Gaming's largest annual get-together starts today at the Las Vegas Convention Center with several training and development seminars. The conference runs through Thursday and more than 27,000 people are expected to visit the giant trade show, which opens tomorrow and will feature 700 exhibitors inside a 290,000-square-foot exhibit hall.
Organized by the American Gaming Association and Reed Exhibitions, G2E is closed to the general public.
The gaming show's primary purpose is to unveil the newest games and latest technology that will be available for the casino floor in 2006. However, the show has evolved over the past few years to include nongaming offerings.
Pavilions have been set aside for food and beverage, design and decor, air quality, security and surveillance, technology and Internet gaming.
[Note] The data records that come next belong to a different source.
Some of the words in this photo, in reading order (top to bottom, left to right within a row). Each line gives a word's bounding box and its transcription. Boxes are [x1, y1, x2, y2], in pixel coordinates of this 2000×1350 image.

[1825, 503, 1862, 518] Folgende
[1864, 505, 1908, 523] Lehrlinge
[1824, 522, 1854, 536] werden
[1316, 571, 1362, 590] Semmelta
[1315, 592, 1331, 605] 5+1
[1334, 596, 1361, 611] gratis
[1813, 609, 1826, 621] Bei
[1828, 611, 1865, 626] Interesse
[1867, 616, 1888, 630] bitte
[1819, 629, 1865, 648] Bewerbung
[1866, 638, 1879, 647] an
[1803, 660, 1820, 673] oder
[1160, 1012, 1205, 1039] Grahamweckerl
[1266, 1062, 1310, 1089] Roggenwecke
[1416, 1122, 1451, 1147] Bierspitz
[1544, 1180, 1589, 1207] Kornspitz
"Clearly, gaming still drives the show," said Judy Patterson, senior vice president and executive director of the American Gaming Association. "But just as the gaming industry has evolved, so has the show itself. A lot of focus has been given to nongaming amenities, and that's something the show needed to reflect."
Goldman Sachs gaming analyst Steven Kent said this year's gaming expo will highlight technology on the slot machine floor. The show is providing manufacturers a ready-made audience for a time when the equipment vendors need to find a way to boost sagging sales.
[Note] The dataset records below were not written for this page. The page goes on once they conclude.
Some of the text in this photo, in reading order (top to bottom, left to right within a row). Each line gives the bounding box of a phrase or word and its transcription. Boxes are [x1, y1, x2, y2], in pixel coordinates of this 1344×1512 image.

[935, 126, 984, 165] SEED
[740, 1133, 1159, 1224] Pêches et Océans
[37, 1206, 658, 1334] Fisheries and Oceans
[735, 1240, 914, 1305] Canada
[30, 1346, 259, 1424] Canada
"While we anticipate a number of exciting game designs and technologies at this year's G2E, we don't expect this to take away from the secular issues that are overhanging the industry," Kent said in a recent note to investors.
"Specifically, the slot space faces rising competition, a slowdown in the replacement cycle, and limited new market openings," Kent said.
"We don't expect these trends to improve in 2006, and while many of the technologies will be on display for downloadable gaming and table management systems, we still think it will be a while before they are fully commercially available."
Still, the newest slot games and themes, types of machines, table game advancements and other casino products remain the trade show's most popular offerings.
The major gaming equipment manufacturers -- International Game Technology, WMS Industries, Shuffle Master and Alliance Gaming of the United States and Aristocrat Technologies of Australia -- will try to outdo one another to entice customers into their booths.
Last year, for example, Aristocrat featured international soccer star Pele signing mini soccer balls to promote a new penny slot bearing his likeness. Across the way, Alliance and its Bally Gaming subsidiary introduced a slot machine featuring "Baywatch" actress Pamela Anderson. WMS unveiled its Clint Eastwood-themed slot machines with the Academy Award winner on hand.
This year's show seems to have toned down the celebrity luster.
"For us, it's the overall quality of the game and what's under the hood that we're displaying," said Robert Luciano, chief technology officer for Bally Gaming.
"All of us might have overdone the theming but the pendulum has swung the other way and it's how the game works and how it looks that we're concerned with."
Bally will have a 11,000- square-foot booth with more than 100 new game titles, 50 of which will be on the company's new "Alpha" video platform. A new reel-spinning game, that has the characteristics of video reel slot, will be unveiled.
Bally Gaming has also created a slot machine base dubbed Cinevision, which is wider than a regular slot machine but features enhanced sound and technology.
Most of the major gaming companies will be displaying some version of central server gaming, or downloadable technology, which allows a casino to download different slot machine games from an equipment provider and reconfigure game content more quickly.
"Central system gaming enhances the player interaction capabilities of slot machines through tournament style and linked-gaming possibilities," said Kent, who added that most gaming observers don't believe the technology will be on casino floors much before 2007.
Slot manufacturers are also looking to unveil gaming systems that increase player-to-player interaction.
At the same time, the slot machine companies have been trying to branch into table game management. IGT, Shuffle Master and Progressive Gaming plan to unveil a prototype of their proposed intelligent table game system; Bally Gaming will promote its Mindplay management system.
"With the ticket in-ticket out slot replacement cycle largely complete, table management systems are the next way gaming manufacturers are looking to help casinos reduce operating expenses," Kent said.
Some companies, such as WMS, are using the show to unveil products they hope will cut into market share controlled by rivals, such as IGT.
The company is showing 83 new game themes including two poker machines based on the World Series of Poker.
Multidenomination slot machines with multiple-game capabilities will continue to dominate the slot floor.
However, pop culture won't be missing.
Atronic Gaming is unveiling a slot machine based on the 1980s television show, "Miami Vice."
And Aristorcrat, which unveiled a game earlier this year with tennis star Andre Agassi, will have television star George Lopez in its booth to unveil the penny slot machine based on his entertainment persona.